At least thirty civilians, including six Red Cross volunteers, have died in the Central African Republic as a result of an outbreak of violence between local self-defence groups and members of the militant group, the Union for Peace in Central Africa.

Fighting erupted in the town of Gambo, located 75 kilometres from the town of Bangassou, a town that has been transformed into the focal point for renewed bloodshed in the country. Red Cross members had gathered in Gambo to attend a crisis meeting at a local healthcare facility, where they were attacked. This was the third attack on Red Cross workers so far, this year, a trend that has forced the organization to operate with a greater deal of caution in the area. As such, regional Red Cross workers have largely been blocked from providing health care and other humanitarian aid services. Those clinics and hospitals that have managed to remain operational have found themselves on high alert, with fighters from rival militant factions frequently infiltrating facilities to execute their wounded rivals, events which typically result in the maiming or death of noncombatants who are also present. The President of the Central African Red Cross, Antoine Mbao-Bogo, attempted to address the issue head on, calling on groups in the region to “[…] take steps to spare the civilian population, and to respect all humanitarian workers.”

Furthermore, while the majority of reports claim that the aggressors in this most recent attack were members of the Union for Peace in Central Africa (UPC) a spokesperson for the group, Souleymane Dauoda, when speaking to the Associated Press, soundly denied responsibility for the violence. Instead, Dauoda stated that UPC members in the town were evacuating civilians and defending the town against a large group of “armed bandits.” Meanwhile, although they were absent at the time of fighting, United Nations peacekeeping forces have been moved into Gambo to help re-establish some semblance of stability and plans have been made to deploy more in the near future.

These clashes come at a time of heightened friction between Muslim and Christian groups within the Central African Republic and underscore the growing threat of sectarian violence spreading across the nation. To expand, the current conflict found its beginnings in 2012 when a coalition of Muslim-majority militant groups, collectively known as the Séléka, of which the UPC are members of, accused the central government of failing to abide by a peace agreement signed earlier, in 2007. Raising arms against the central government, the Séléka successfully captured the nation’s capital of Bangui in 2013, an event that led to the formation of anti-Muslim militia groups collectively known as the Anti-balaka. Fighting between these groups shifted progressively away from the capital to the southeast of the country, leading to the current spout of violence centred around Bangassou. Since the renewal of hostilities in 2012, over 700 000 civilians have been forced to flee their homes and thousands more have been killed. Efforts to curtail the growing conflict have consistently been unsuccessful, with a peace deal agreed that was upon in June of this year being disregarded by all signatories.

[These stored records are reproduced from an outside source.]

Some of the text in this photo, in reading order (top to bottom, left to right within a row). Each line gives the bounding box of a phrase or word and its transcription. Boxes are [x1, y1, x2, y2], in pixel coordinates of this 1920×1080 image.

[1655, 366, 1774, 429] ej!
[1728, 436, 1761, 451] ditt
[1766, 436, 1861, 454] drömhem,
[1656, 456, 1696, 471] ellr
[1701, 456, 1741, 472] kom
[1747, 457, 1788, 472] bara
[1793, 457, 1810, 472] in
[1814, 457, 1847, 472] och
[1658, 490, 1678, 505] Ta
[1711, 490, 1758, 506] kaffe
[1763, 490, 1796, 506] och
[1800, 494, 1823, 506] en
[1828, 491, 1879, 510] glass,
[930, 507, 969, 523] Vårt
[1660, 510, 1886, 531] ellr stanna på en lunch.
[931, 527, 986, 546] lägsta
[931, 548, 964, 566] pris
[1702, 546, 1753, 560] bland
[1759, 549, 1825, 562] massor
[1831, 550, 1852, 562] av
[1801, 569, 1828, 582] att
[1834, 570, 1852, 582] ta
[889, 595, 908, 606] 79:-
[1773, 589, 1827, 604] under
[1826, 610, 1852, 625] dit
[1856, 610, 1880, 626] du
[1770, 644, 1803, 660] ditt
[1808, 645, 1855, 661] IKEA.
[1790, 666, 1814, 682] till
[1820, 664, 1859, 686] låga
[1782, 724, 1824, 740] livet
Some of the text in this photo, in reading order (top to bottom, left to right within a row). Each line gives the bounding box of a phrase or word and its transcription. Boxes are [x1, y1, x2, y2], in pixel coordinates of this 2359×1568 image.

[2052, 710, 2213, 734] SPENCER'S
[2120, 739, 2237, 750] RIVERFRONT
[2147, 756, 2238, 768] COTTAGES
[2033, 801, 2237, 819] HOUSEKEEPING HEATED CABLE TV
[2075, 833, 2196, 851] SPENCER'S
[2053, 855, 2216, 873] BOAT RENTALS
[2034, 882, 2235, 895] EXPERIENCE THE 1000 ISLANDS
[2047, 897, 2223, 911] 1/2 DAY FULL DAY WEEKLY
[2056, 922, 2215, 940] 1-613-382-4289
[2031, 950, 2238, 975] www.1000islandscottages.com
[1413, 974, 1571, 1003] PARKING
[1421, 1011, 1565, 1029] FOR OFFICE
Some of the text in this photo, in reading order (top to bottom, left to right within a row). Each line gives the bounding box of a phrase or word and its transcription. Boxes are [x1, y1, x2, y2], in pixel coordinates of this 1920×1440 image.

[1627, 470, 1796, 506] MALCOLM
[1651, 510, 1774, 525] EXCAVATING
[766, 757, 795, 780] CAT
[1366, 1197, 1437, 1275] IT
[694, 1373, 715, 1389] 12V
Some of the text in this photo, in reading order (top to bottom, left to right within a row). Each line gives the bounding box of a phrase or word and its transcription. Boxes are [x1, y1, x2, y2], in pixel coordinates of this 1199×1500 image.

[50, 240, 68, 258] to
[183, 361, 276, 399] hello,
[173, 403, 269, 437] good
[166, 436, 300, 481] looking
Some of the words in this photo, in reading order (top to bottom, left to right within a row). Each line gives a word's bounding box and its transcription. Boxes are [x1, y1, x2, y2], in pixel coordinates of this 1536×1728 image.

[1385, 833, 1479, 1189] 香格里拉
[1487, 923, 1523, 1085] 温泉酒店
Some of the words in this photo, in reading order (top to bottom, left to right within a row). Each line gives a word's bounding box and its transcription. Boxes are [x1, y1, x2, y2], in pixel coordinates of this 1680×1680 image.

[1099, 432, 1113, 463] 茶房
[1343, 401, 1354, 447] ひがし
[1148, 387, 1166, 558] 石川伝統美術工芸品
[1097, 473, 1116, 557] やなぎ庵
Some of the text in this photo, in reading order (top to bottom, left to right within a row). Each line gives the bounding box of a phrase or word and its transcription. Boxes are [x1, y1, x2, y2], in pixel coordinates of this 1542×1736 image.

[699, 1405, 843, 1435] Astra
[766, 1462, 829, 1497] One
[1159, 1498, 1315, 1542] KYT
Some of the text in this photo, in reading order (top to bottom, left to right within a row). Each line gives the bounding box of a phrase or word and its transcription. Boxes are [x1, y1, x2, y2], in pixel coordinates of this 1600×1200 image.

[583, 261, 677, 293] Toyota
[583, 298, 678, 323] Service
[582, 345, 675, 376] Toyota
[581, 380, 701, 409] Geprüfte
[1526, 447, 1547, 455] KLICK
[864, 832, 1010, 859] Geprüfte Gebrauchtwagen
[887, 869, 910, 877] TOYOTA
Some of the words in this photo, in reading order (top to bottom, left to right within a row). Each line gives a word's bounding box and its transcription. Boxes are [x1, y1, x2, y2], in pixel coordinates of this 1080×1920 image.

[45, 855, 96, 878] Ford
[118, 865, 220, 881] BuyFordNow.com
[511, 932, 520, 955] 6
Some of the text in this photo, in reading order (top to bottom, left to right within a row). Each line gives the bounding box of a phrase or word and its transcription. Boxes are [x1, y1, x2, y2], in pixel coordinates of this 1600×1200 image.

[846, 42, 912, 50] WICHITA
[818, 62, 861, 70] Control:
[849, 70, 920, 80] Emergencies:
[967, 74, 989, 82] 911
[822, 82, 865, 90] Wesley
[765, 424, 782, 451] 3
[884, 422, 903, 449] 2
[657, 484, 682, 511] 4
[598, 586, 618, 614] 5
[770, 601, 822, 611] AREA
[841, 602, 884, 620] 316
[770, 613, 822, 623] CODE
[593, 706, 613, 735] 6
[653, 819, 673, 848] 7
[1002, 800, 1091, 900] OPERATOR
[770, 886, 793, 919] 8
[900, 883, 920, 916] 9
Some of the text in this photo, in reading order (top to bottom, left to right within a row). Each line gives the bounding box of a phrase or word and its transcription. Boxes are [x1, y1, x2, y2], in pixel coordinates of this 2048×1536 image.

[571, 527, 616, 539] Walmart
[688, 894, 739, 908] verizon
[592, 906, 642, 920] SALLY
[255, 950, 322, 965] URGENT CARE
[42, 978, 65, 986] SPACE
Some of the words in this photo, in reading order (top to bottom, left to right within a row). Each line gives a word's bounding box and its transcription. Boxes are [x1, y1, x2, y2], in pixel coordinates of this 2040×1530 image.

The lack of diligence applied towards solving the crisis and the mounting violence in the country have worried the international community. For instance, the UN Aid Chief, Stephen O’Brien, has stated that “We must act now, not pare down the UN’s effort, and pray we don’t live to regret it,” and is calling for an increase in the number of foreign troops in the country to strengthen the peacekeeping mission and prevent the onset of genocide.